Interestingly, despite sports betting being legal in New York for two years already, more is still spent on illegal bookmakers than on the state's legal options ($1,690 million VS $1,906 million), suggesting the state's high tax rate, which is 51%, could be driving offshore gambling, where players can find more competitive but unregulated gambling options. In comparison, New Jersey, which charges a 13% tax on Gross Gambling Revenue, has a much lower rate of illegal sports betting.

This research builds on the American Gaming Association's previous work, which estimated that "Americans bet more than $510.9 billion a year with illegal and unregulated operators. This costs the legal industry $44.2 billion in gaming revenue and state governments $13.3 billion in lost tax revenue."

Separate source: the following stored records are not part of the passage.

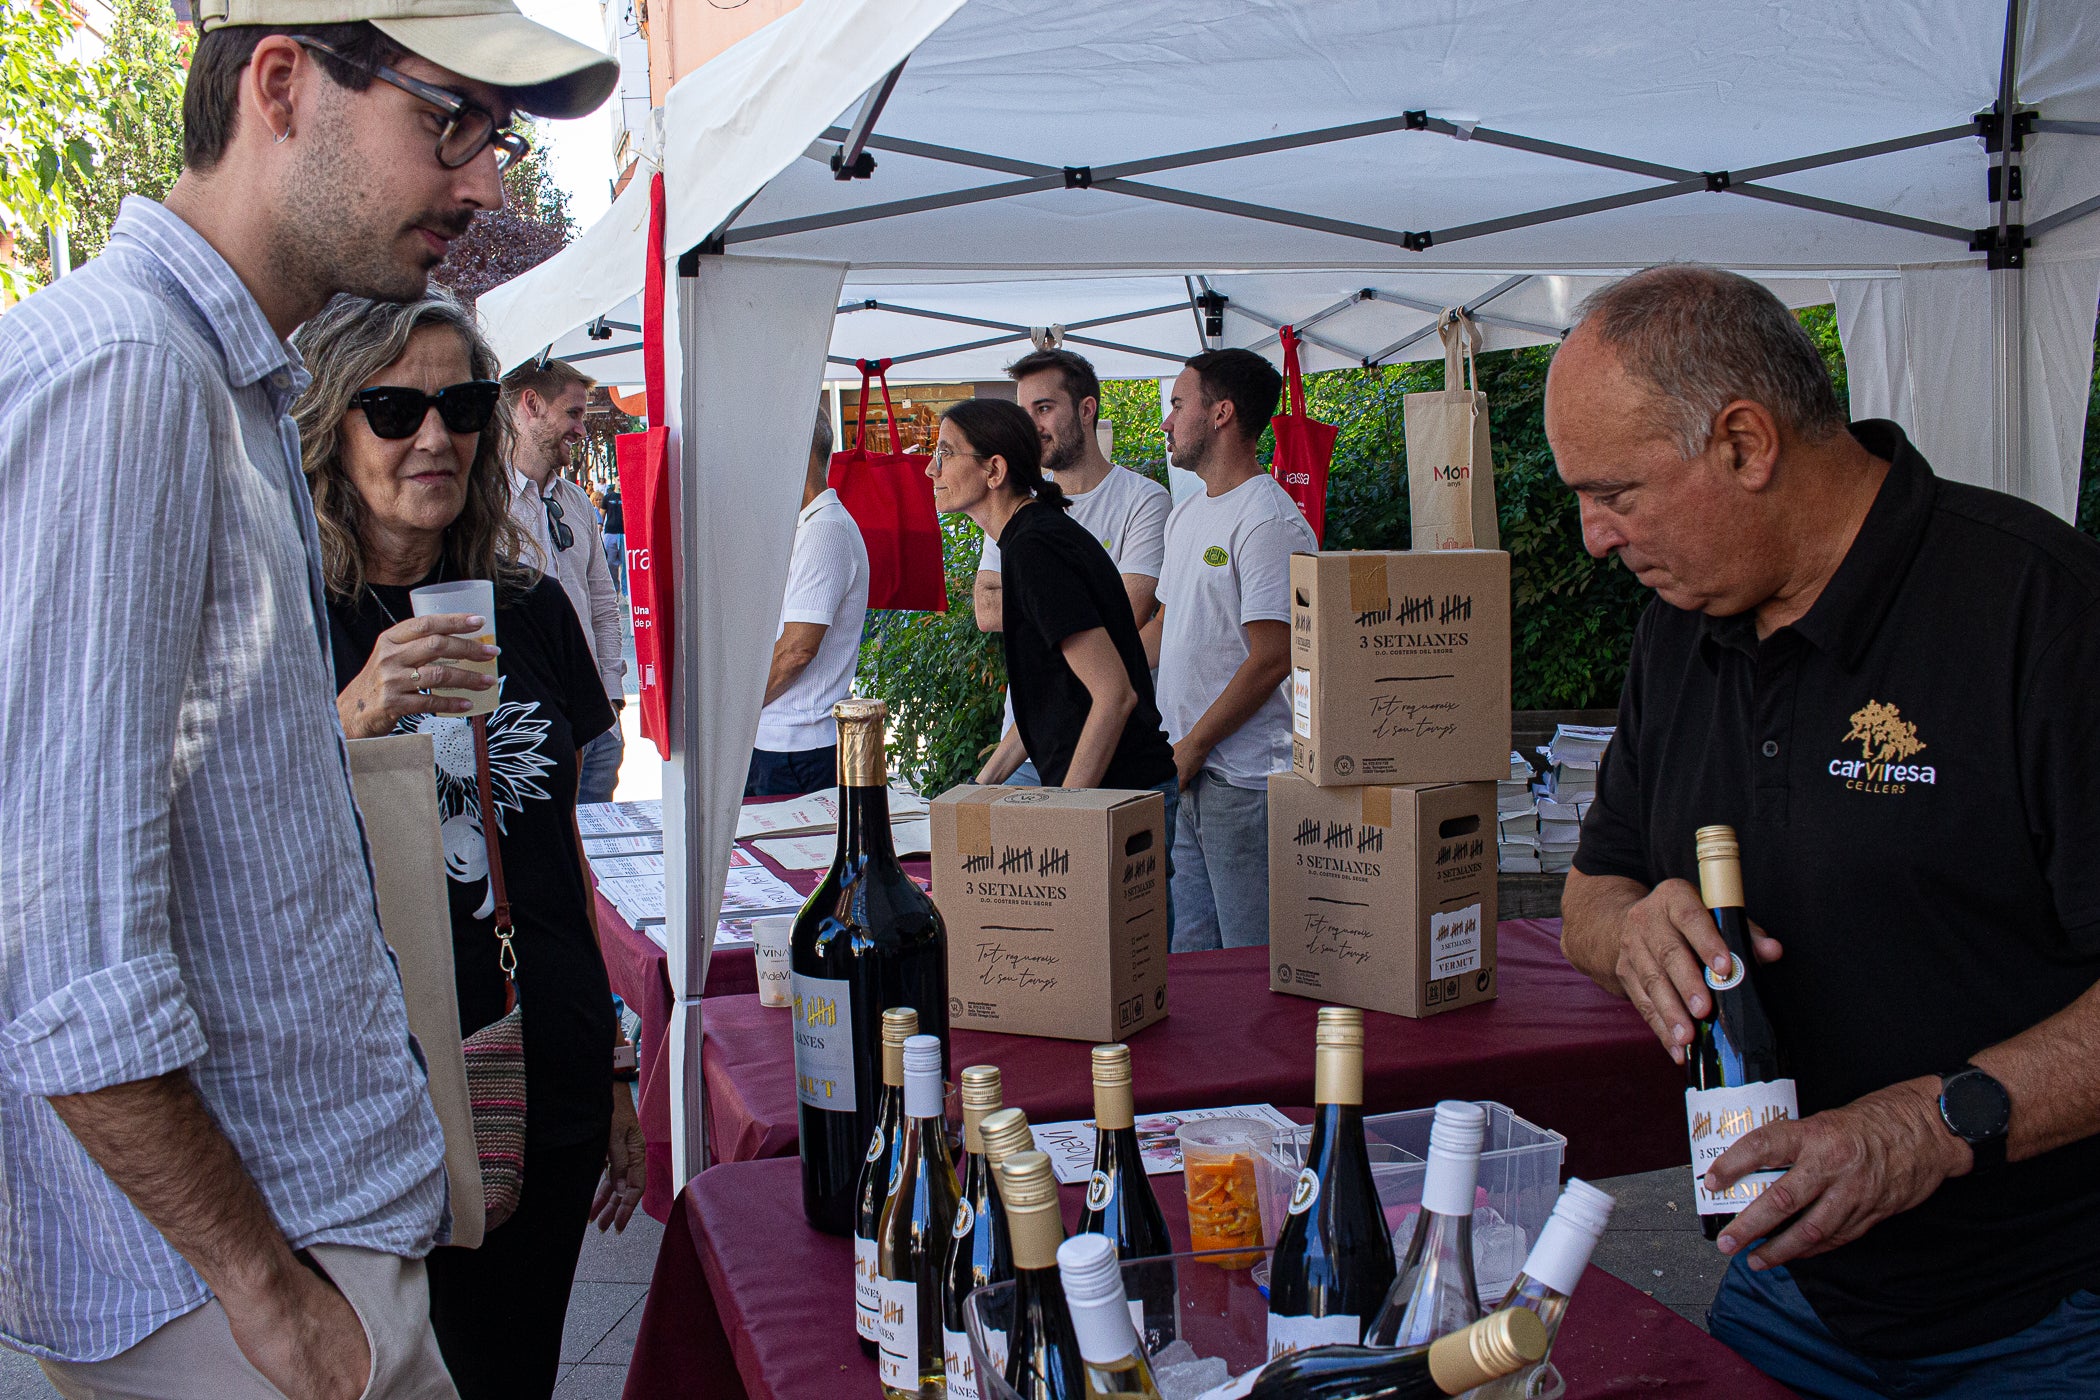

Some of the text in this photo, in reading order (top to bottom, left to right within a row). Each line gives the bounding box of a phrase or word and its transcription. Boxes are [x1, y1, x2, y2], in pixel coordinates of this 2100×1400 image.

[634, 606, 649, 615] Una
[635, 618, 644, 627] de
[1360, 632, 1469, 648] 3 SETMANES
[1369, 695, 1403, 717] Tot
[1846, 780, 1906, 794] CELLERS
[1297, 854, 1381, 877] 3 SETMANES
[1443, 863, 1482, 879] SETMANES
[966, 882, 1067, 900] 3 SETMANES
[1304, 914, 1328, 933] Tot
[1445, 938, 1472, 949] SETMANES
[976, 942, 1007, 963] Tot
[1439, 956, 1474, 972] VERMUT
[1700, 1149, 1705, 1159] 3
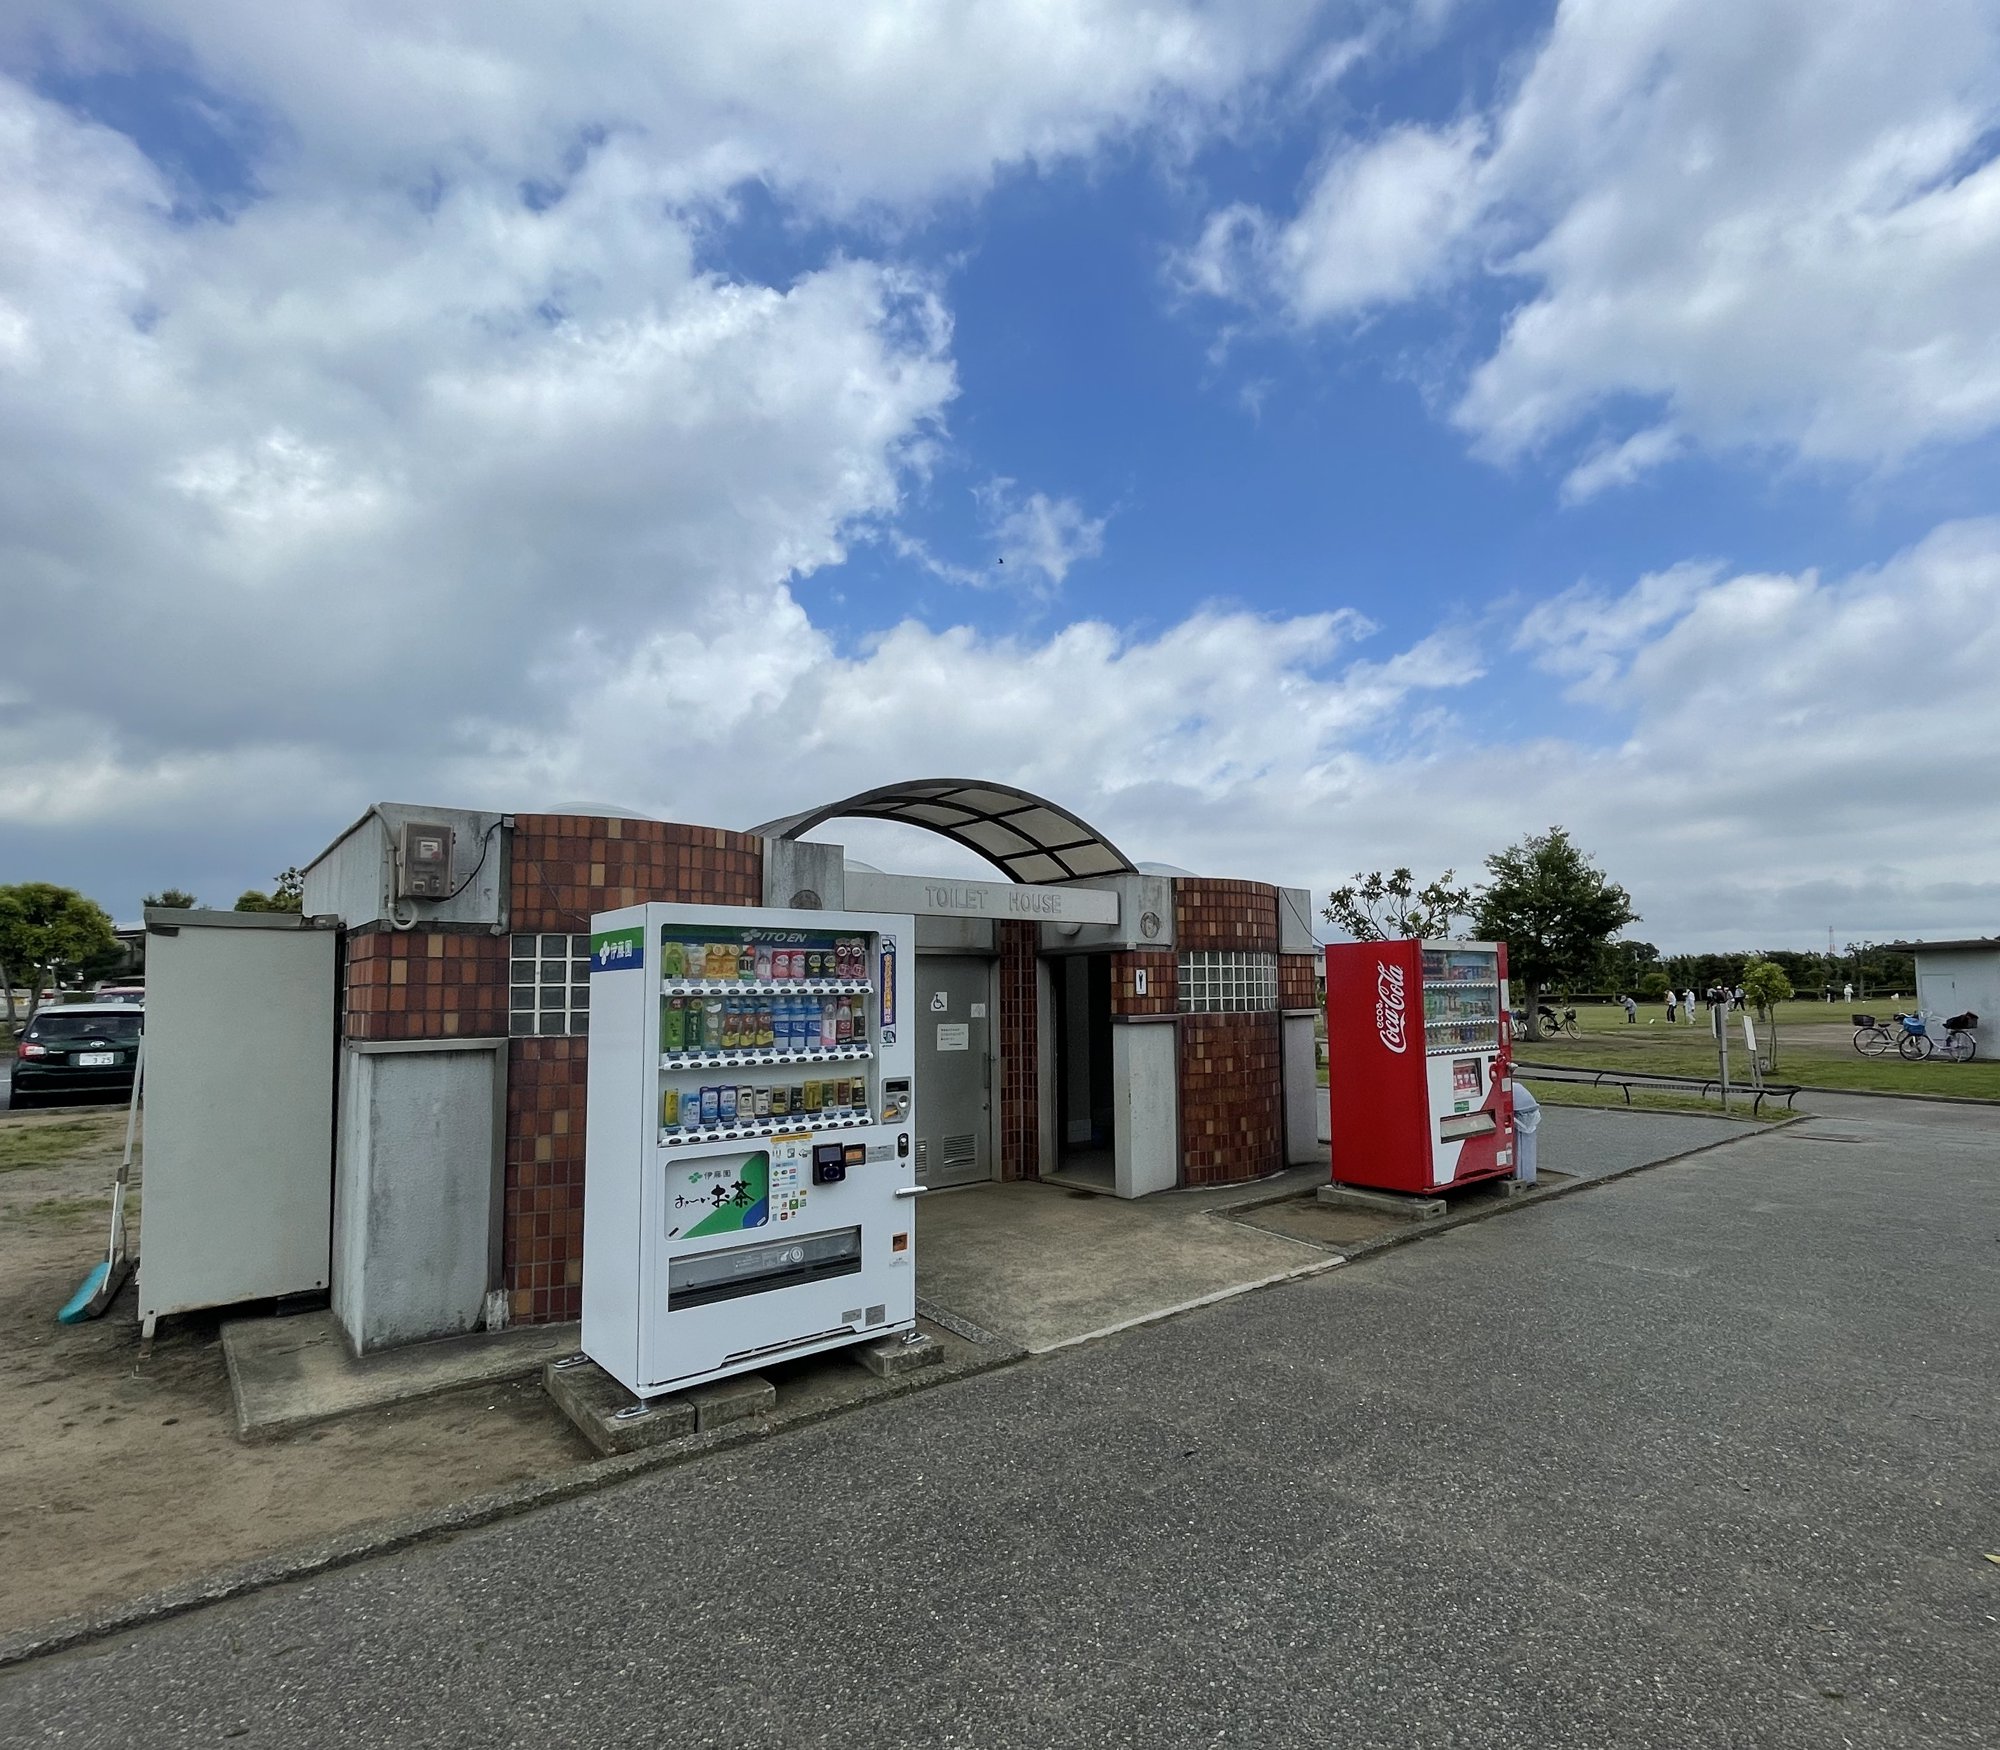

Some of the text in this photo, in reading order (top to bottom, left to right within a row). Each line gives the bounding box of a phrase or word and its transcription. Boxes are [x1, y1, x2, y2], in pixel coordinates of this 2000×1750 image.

Legality of Sweepstakes Challenged in Georgia

Sweepstakes casinos are incredibly popular in the USA, as they essentially allow players (almost) nationwide to access online casino games via a legal loophole. 

However, the number of states looking to close this loophole is steadily growing (Michigan and Idaho have already taken action), and this week, Georgia joined the ranks as a class action suit was brought against VGW (operator of Luckyland Casino, Global Poker, and Chumba Casino).

Destiny Kennedy, a Georgia resident who claims VGW offers illegal gambling in the state, filed the case to recoup her losses. So far, VGW (one of the largest sweepstakes operators in the USA) has yet to respond to the case.